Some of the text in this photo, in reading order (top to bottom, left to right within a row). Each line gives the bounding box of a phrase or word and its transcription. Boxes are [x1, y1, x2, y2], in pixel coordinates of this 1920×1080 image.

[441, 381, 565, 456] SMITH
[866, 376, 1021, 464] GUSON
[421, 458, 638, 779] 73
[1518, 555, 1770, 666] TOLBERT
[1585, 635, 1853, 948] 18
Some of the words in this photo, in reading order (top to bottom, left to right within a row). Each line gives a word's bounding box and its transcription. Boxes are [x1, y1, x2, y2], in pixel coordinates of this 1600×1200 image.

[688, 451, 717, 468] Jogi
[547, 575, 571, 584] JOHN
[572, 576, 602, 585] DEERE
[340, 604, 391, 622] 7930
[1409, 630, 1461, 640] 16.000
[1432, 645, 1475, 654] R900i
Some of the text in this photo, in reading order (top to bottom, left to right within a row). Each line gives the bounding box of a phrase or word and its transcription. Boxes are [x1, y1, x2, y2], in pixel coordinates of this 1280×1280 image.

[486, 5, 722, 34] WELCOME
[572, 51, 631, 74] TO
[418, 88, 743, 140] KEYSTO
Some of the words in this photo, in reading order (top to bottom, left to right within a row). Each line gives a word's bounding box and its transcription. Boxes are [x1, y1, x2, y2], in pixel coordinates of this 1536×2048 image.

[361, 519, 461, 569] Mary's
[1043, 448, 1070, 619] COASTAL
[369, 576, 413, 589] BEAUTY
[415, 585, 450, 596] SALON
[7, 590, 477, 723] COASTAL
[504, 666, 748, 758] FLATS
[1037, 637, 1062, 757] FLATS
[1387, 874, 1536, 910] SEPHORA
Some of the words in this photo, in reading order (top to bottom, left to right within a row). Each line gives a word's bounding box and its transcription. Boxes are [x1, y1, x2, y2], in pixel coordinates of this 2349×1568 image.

■ **What you are asked to do**
Write down all of the listing exactly.

■ **Worked solution**
Some of the text in this photo, in reading order (top to bottom, left to right within a row). Each line gives the bounding box of a phrase or word and its transcription. Boxes are [x1, y1, x2, y2], in pixel coordinates of this 1920×1080 image.

[441, 381, 565, 456] SMITH
[866, 376, 1021, 464] GUSON
[421, 458, 638, 779] 73
[1518, 555, 1770, 666] TOLBERT
[1585, 635, 1853, 948] 18
Some of the words in this photo, in reading order (top to bottom, left to right within a row). Each line gives a word's bounding box and its transcription. Boxes are [x1, y1, x2, y2], in pixel coordinates of this 1600×1200 image.

[688, 451, 717, 468] Jogi
[547, 575, 571, 584] JOHN
[572, 576, 602, 585] DEERE
[340, 604, 391, 622] 7930
[1409, 630, 1461, 640] 16.000
[1432, 645, 1475, 654] R900i
Some of the text in this photo, in reading order (top to bottom, left to right within a row). Each line gives the bounding box of a phrase or word and its transcription. Boxes are [x1, y1, x2, y2], in pixel coordinates of this 1280×1280 image.

[486, 5, 722, 34] WELCOME
[572, 51, 631, 74] TO
[418, 88, 743, 140] KEYSTO
Some of the words in this photo, in reading order (top to bottom, left to right within a row). Each line gives a word's bounding box and its transcription. Boxes are [x1, y1, x2, y2], in pixel coordinates of this 1536×2048 image.

[361, 519, 461, 569] Mary's
[1043, 448, 1070, 619] COASTAL
[369, 576, 413, 589] BEAUTY
[415, 585, 450, 596] SALON
[7, 590, 477, 723] COASTAL
[504, 666, 748, 758] FLATS
[1037, 637, 1062, 757] FLATS
[1387, 874, 1536, 910] SEPHORA
Some of the words in this photo, in reading order (top to bottom, left to right within a row). Each line gives a word's bounding box and its transcription. Boxes are [x1, y1, x2, y2], in pixel coordinates of this 2349×1568 image.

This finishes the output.